Dalam rangka merayakan Tumpek Krulut, sebuah hari suci yang dihormati dalam tradisi Hindu Bali, Gubernur Bali, Wayan Koster, menggelar program spesial dengan memberikan kopi dan aneka kuliner gratis. Program ini berlangsung di 15 titik Usaha Mikro, Kecil, dan Menengah (UMKM) yang tersebar di seluruh Bali.
Tradisi Tumpek Krulut dan Dukungan untuk UMKM
Tumpek Krulut merupakan hari yang didedikasikan untuk menghormati seni, suara, dan alat musik. Perayaan ini biasanya diisi dengan berbagai kegiatan budaya. Namun, Gubernur Koster memanfaatkan momen tersebut untuk memberikan dampak ekonomi langsung kepada masyarakat. Dengan memberikan traktiran kopi dan makanan gratis, diharapkan dapat mendongkrak kunjungan ke sentra-sentra UMKM lokal sekaligus memperkenalkan kekayaan kuliner Bali.

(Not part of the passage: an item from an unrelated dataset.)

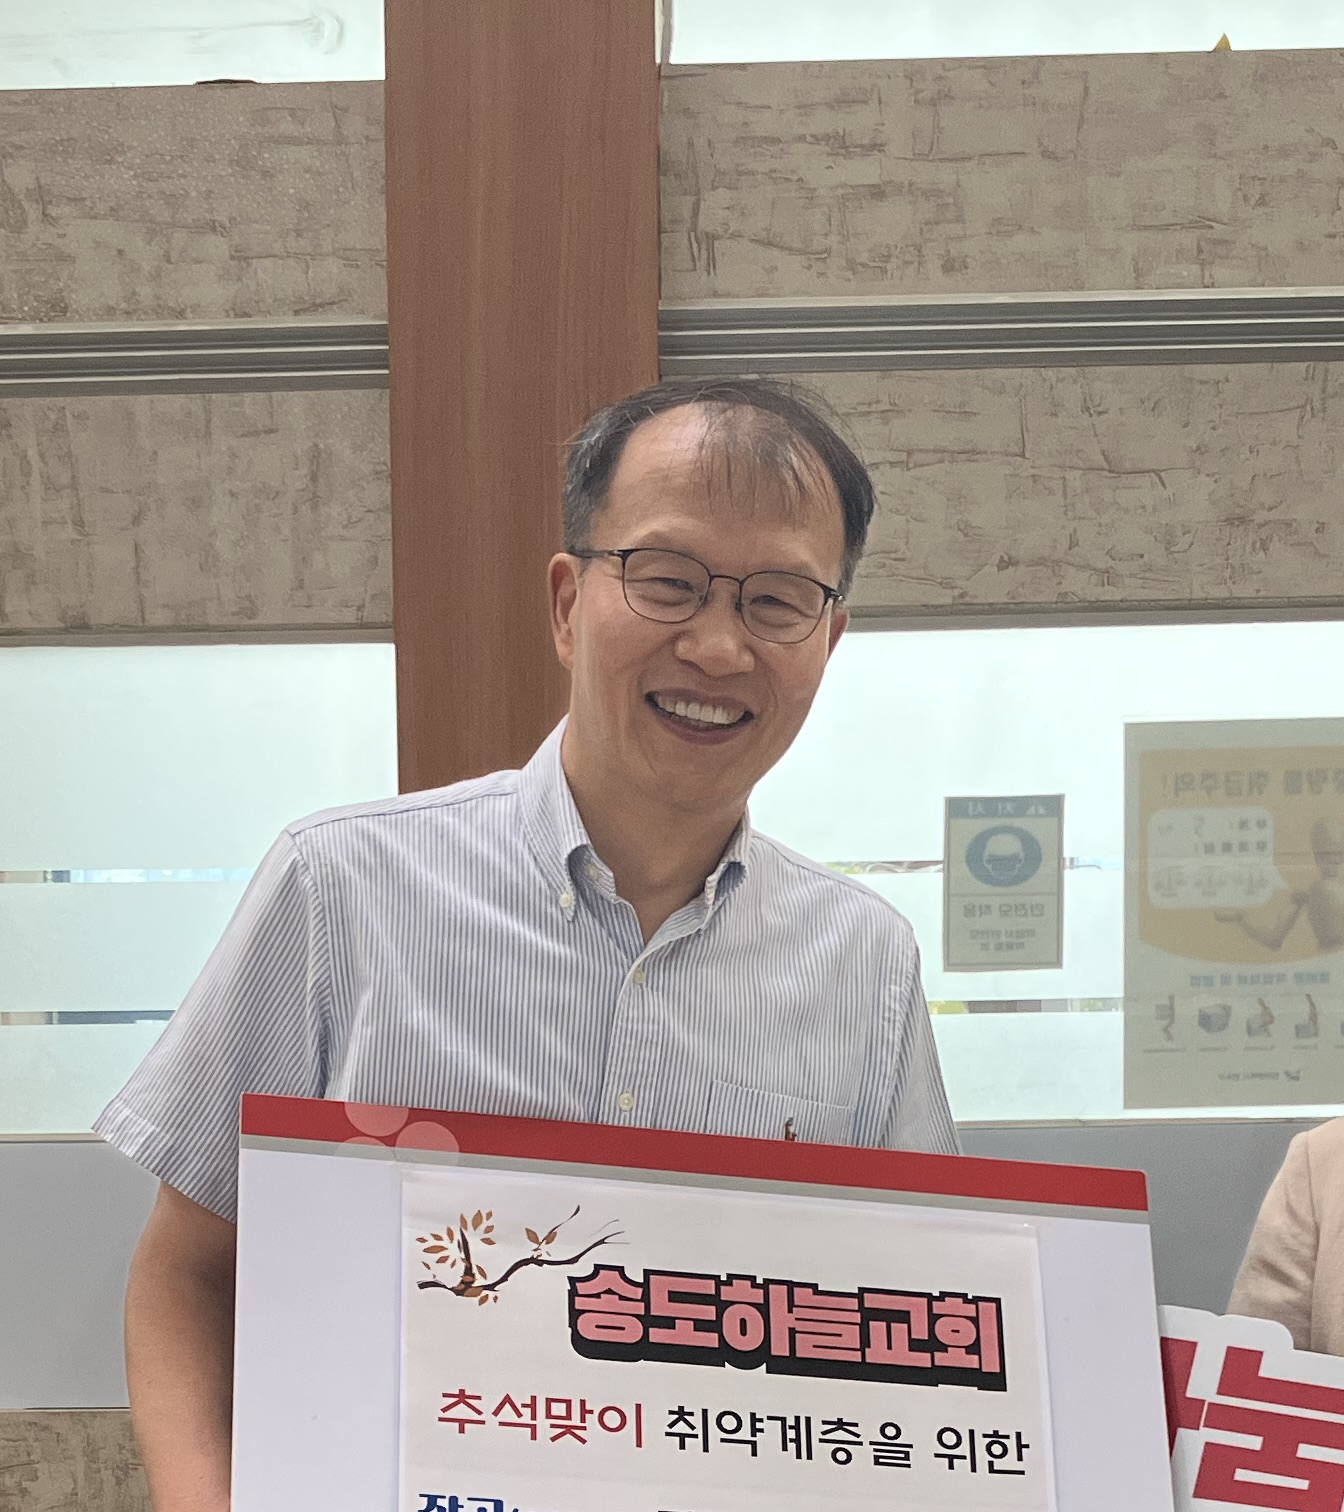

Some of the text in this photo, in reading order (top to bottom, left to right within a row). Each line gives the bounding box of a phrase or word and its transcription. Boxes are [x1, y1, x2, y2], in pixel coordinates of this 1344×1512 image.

[567, 1263, 1008, 1392] 송도하늘교회
[437, 1388, 1031, 1476] 추석맞이 취약계층을 위한

Lokasi dan Antusiasme Warga
Lima belas titik yang dipilih tersebar di berbagai kabupaten dan kota di Bali, mulai dari Denpasar, Badung, hingga Gianyar. Setiap titik menyajikan menu khas Bali, seperti kopi Bali, jaja (kue tradisional), hingga makanan berat seperti nasi campur. Warga pun menyambut antusias program ini. Banyak dari mereka yang datang sejak pagi untuk menikmati hidangan gratis sambil merasakan atmosfer perayaan Tumpek Krulut.

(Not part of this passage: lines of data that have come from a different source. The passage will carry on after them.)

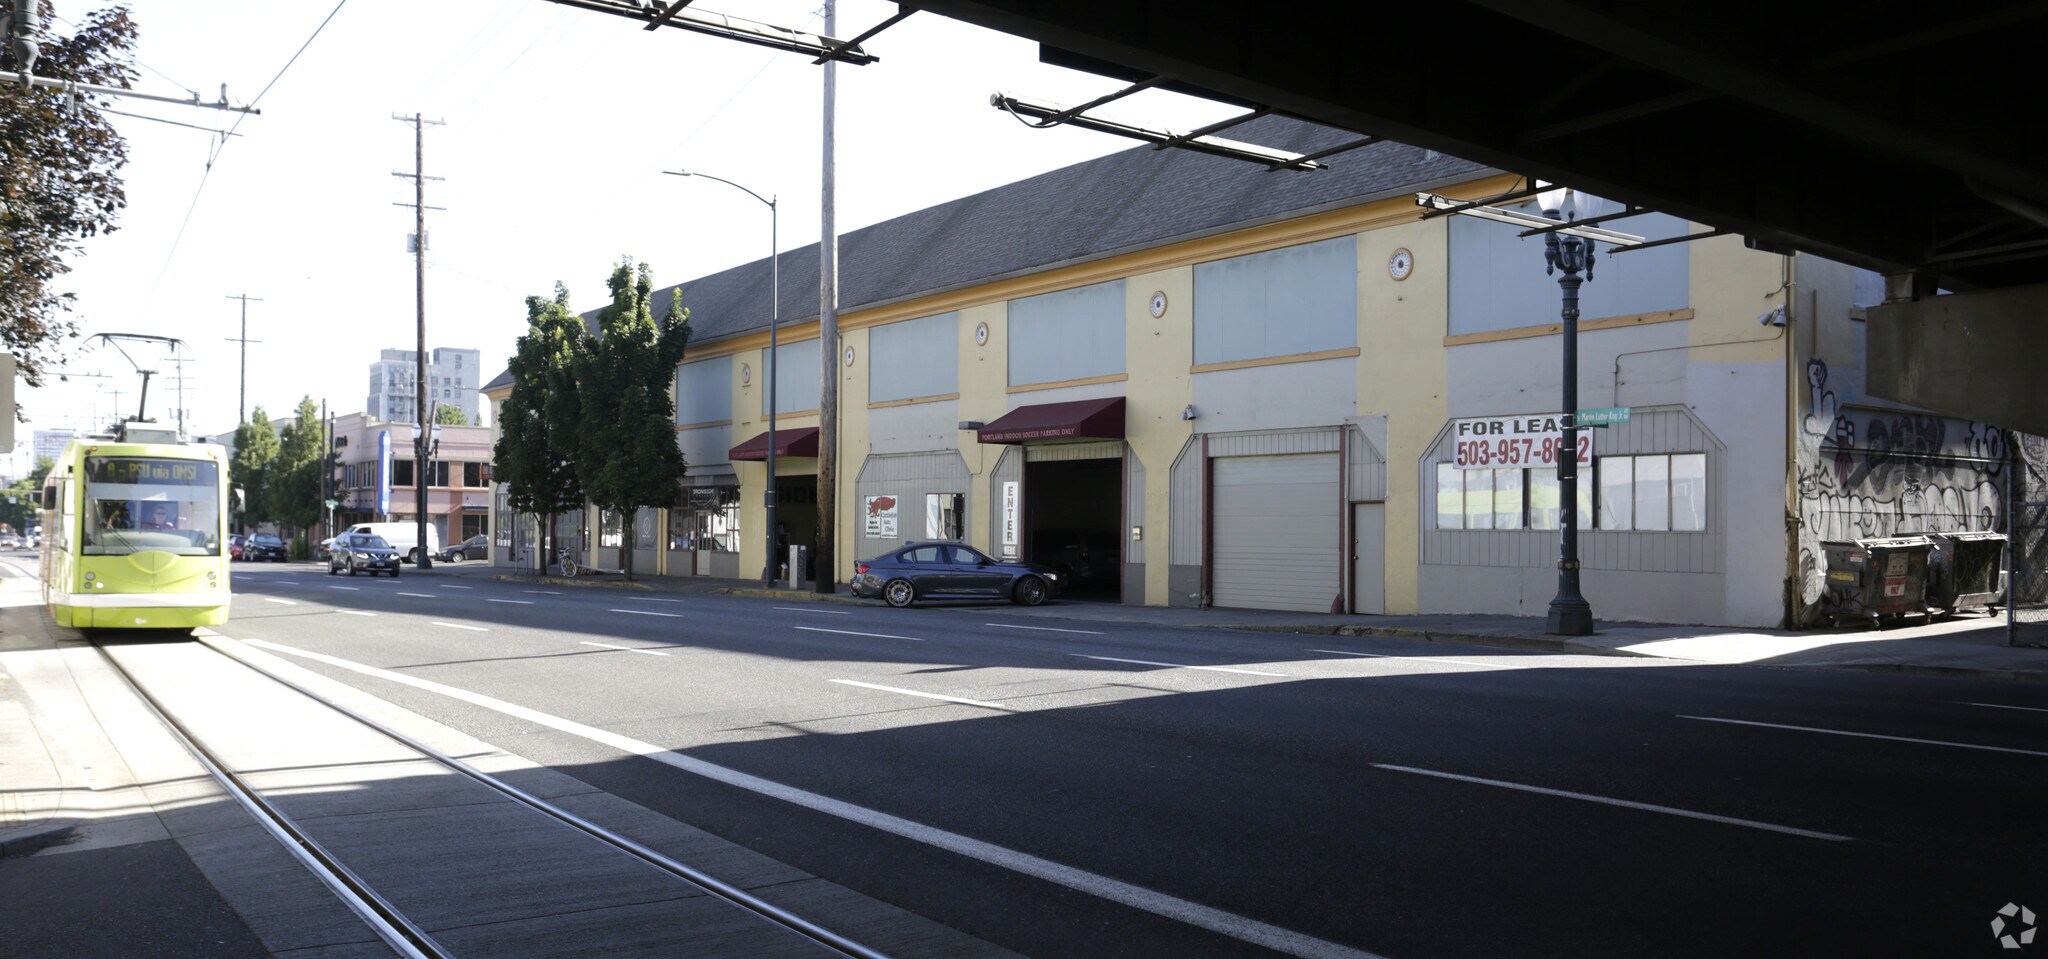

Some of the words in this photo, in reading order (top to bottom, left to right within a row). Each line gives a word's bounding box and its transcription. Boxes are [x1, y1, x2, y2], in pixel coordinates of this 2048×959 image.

[1581, 412, 1595, 421] Martin
[1595, 411, 1608, 421] Luther
[1608, 410, 1618, 422] King
[981, 433, 1003, 441] PORTLAND
[1004, 432, 1022, 440] INDOOR
[1022, 430, 1039, 439] SOCCER
[1040, 429, 1061, 438] PARKING
[1061, 427, 1075, 436] ONLY
[1458, 420, 1504, 436] FOR
[1514, 418, 1590, 433] LEA
[1457, 435, 1590, 467] 503-957-82
[129, 462, 150, 479] PSU
[172, 464, 197, 480] OMSI

Program ini juga menjadi ajang promosi bagi para pelaku UMKM. Dengan adanya peningkatan jumlah pengunjung, para pedagang kecil berkesempatan untuk memperkenalkan produk mereka kepada lebih banyak orang. Gubernur Koster berharap inisiatif ini dapat menjadi stimulus bagi perekonomian lokal dan melestarikan tradisi Bali secara berkelanjutan.
Harapan ke Depan
Ke depannya, pemerintah provinsi berencana untuk mengadakan program serupa pada hari-hari besar keagamaan lainnya. Tujuannya tidak hanya untuk memeriahkan perayaan, tetapi juga untuk memperkuat ekosistem UMKM Bali. Dengan sinergi antara tradisi dan ekonomi kreatif, Bali diharapkan dapat terus berkembang tanpa meninggalkan akar budayanya.